Random Samples

Science  02 May 2008:
Vol. 320, Issue 5876, pp. 591

    Research prizes are all the rage, but a new one is sure to raise eyebrows if not gorges: $1 million for getting “in vitro” (IV) meat onto supermarket shelves. People for the Ethical Treatment of Animals (PETA) announced the money pot last week, acknowledging on its Web site that although it would prefer that consumers stick to vegetables, “many people continue to refuse to kick their meat addictions.” IV meat, the thinking goes, would at least save a lot of animals.

    So far, a few scientists have been trying to get cells from pigs and other animals to grow in the lab. But big challenges remain, such as finding the optimal culture conditions. Last month, the first international IV meat symposium was held in Norway.

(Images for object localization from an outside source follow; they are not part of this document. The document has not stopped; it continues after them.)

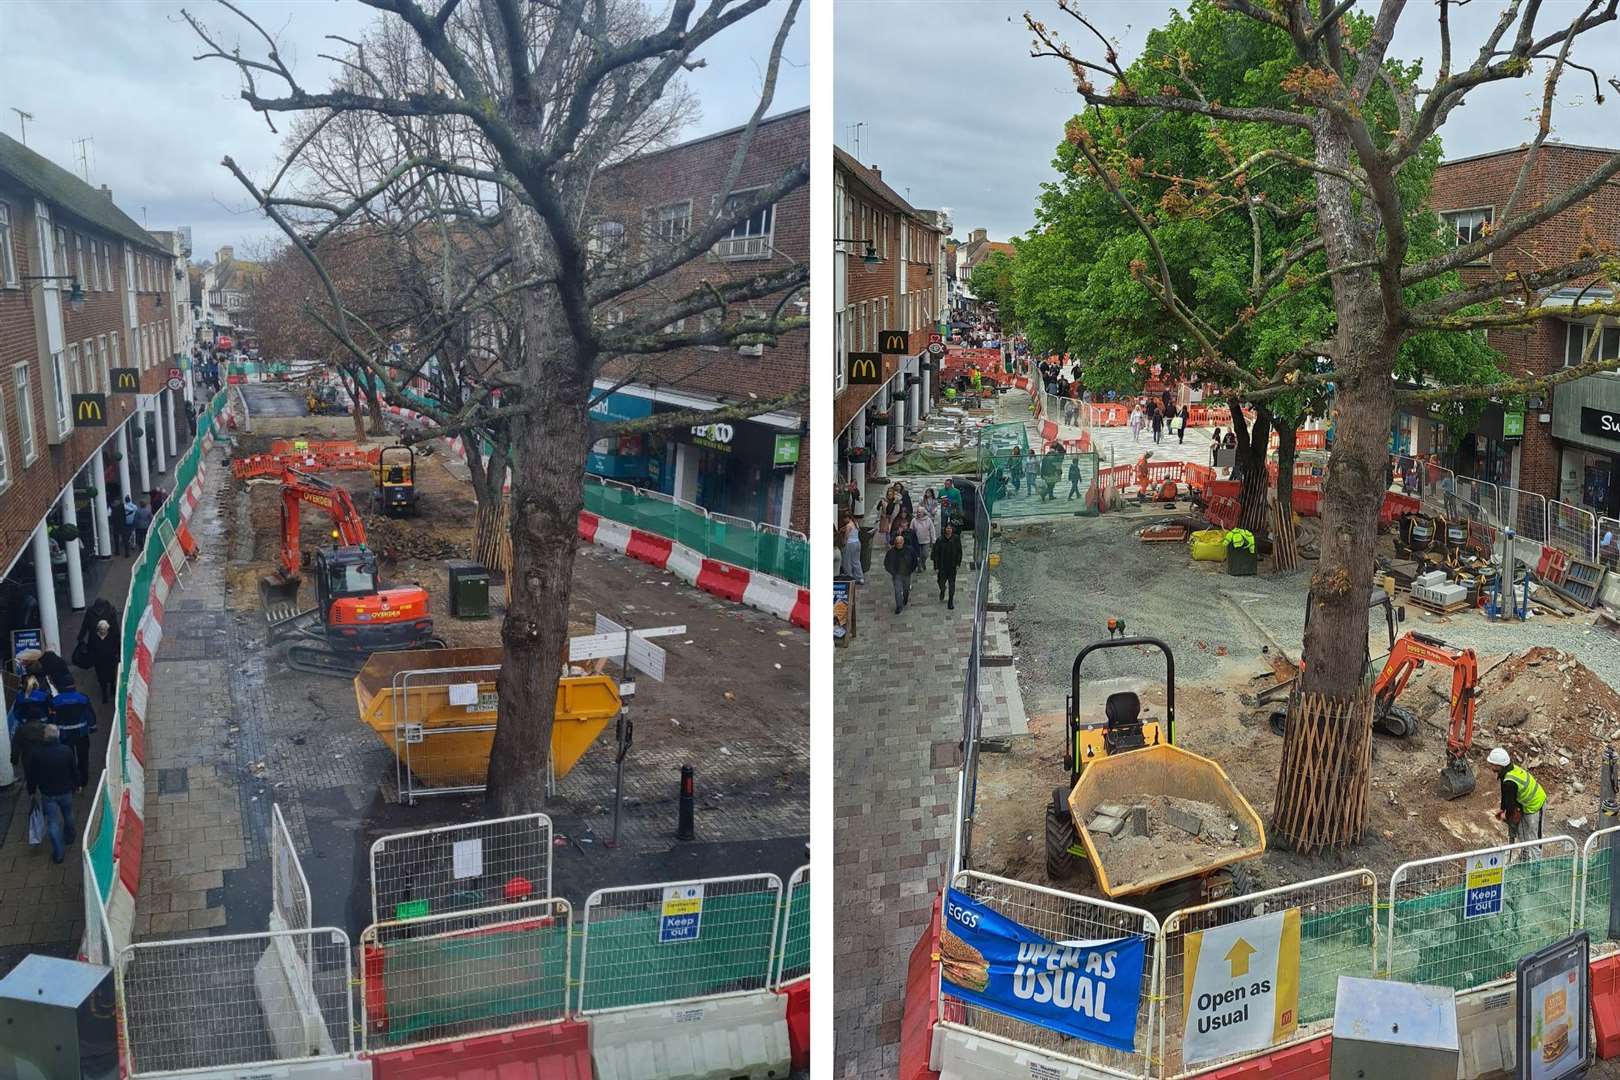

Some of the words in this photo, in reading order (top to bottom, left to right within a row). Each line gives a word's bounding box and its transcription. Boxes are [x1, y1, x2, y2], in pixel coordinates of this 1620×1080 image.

[1471, 889, 1498, 901] Keep
[1475, 900, 1492, 911] out
[667, 917, 695, 929] Keep
[948, 902, 979, 929] EGGS
[671, 927, 688, 937] out
[1017, 941, 1081, 971] OPEN
[1085, 950, 1118, 979] AS
[1012, 963, 1112, 1023] USUAL
[1197, 986, 1246, 1012] Open
[1249, 979, 1271, 996] as
[1197, 1003, 1248, 1034] Usual

    PETA is asking contestants to submit IV chicken samples by June 2012 to its panel of 10 judges; entrants must also be able to mass-produce the meat. Although $1 million is a nice bonus, “the real prize would be the global meat market, which is worth hundreds of billions of dollars annually,” assuming consumers are willing to eat the stuff, says Jason Matheny, founder of New Harvest, a nonprofit that promotes substitute meat.


    Researchers have witnessed a wild Antarctic fur seal attempting sex with a king penguin—the first documented case of a pinniped trying to mate with an animal that is not only a different species but also a different class of vertebrates.

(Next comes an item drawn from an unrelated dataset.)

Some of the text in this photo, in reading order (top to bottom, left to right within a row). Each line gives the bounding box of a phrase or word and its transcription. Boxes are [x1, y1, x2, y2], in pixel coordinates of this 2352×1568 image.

    P. J. Nico de Bruyn and colleagues at the University of Pretoria in South Africa saw the 45-minute attack at a beach on Marion Island in the southern Indian Ocean. “The seal alternated between resting on the penguin and bouts of pelvic thrusting copulatory behavior,” the team writes in the May Journal of Ethology. Burney le Boeuf, a behavioral ecologist at the University of California, Santa Cruz, says he's not surprised, given the male propensity to father as many offspring as possible: “Sperm are cheap.” Le Boeuf says he's reminded of male wild turkeys, which will attempt to mate with a stick if it's placed at an angle that mimics the neck of a receptive female.


    Physicians may be losing their attention spans along with the rest of us, but French researchers have come up with a remedy: pictographs to give doctors shortcuts to information that will help them write better prescriptions.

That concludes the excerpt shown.